RECORDS SUPPLIED

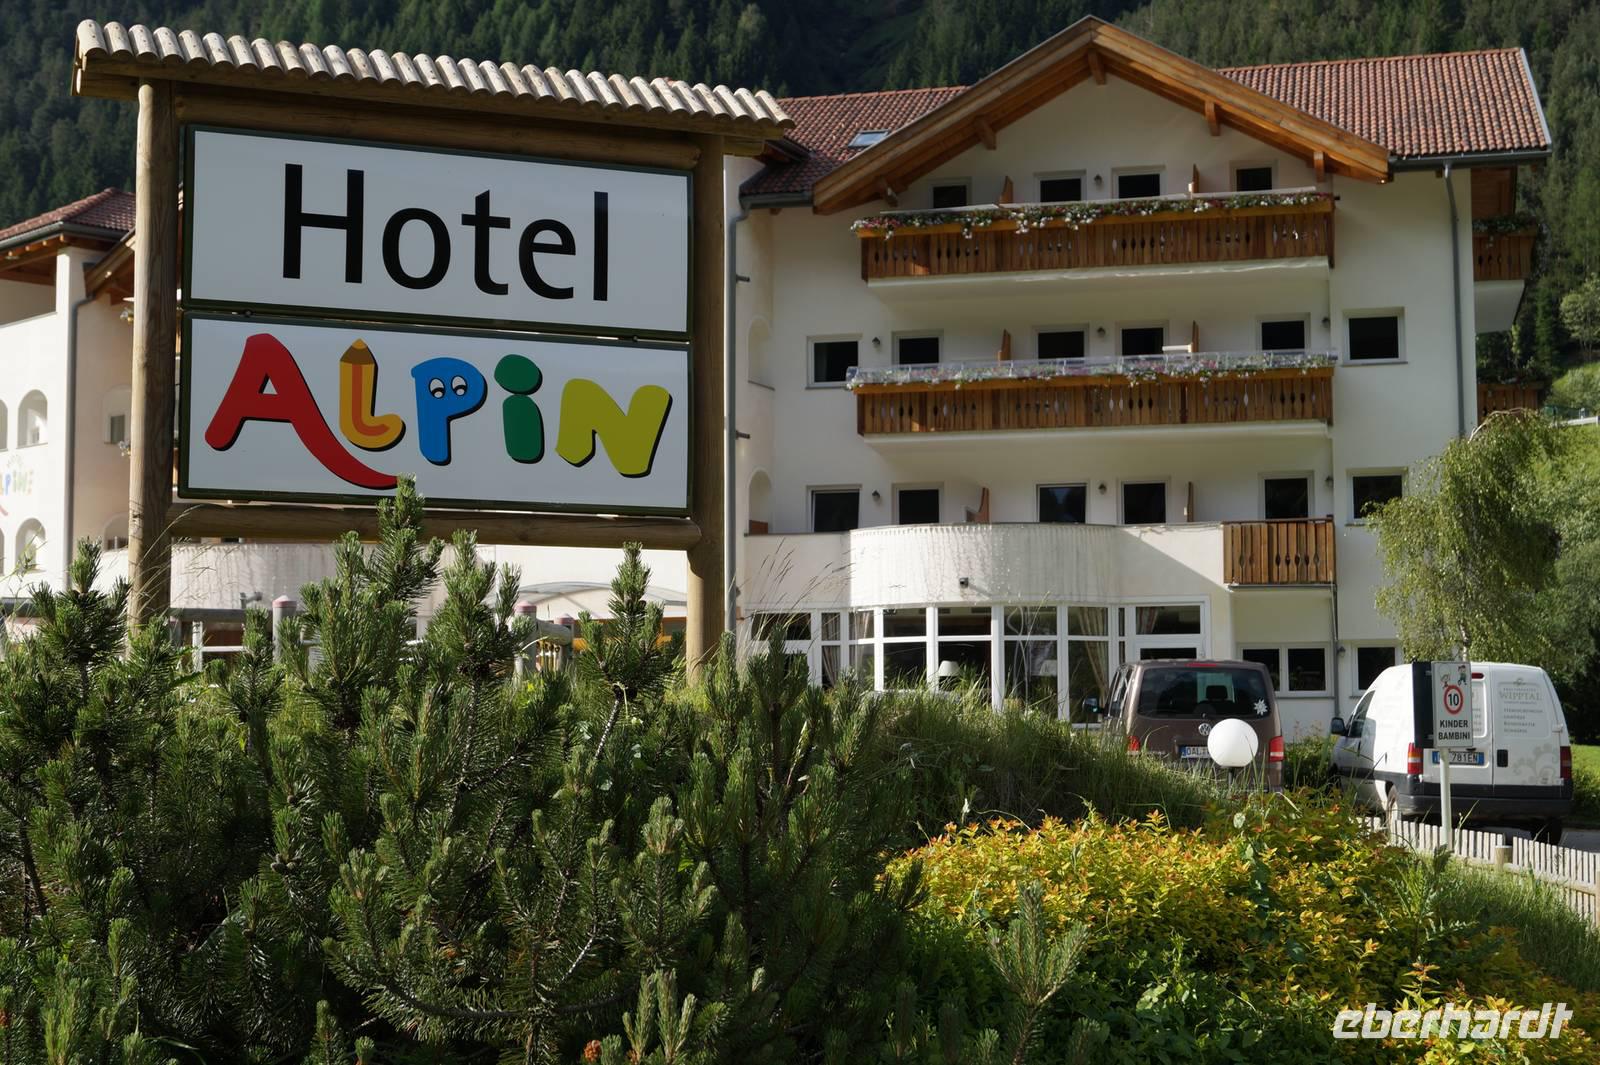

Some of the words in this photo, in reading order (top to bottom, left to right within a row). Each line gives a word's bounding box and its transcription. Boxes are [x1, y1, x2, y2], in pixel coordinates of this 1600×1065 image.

[283, 163, 608, 302] Hotel
[1448, 693, 1459, 706] 10
[1440, 720, 1469, 728] KINDER
[1438, 732, 1471, 740] BAMBINI

ASSIGNMENT
Excluding the images, return each record above precisely as written.

THE COMPLETED TASK
Some of the words in this photo, in reading order (top to bottom, left to right within a row). Each line gives a word's bounding box and its transcription. Boxes are [x1, y1, x2, y2], in pixel coordinates of this 1600×1065 image.

[283, 163, 608, 302] Hotel
[1448, 693, 1459, 706] 10
[1440, 720, 1469, 728] KINDER
[1438, 732, 1471, 740] BAMBINI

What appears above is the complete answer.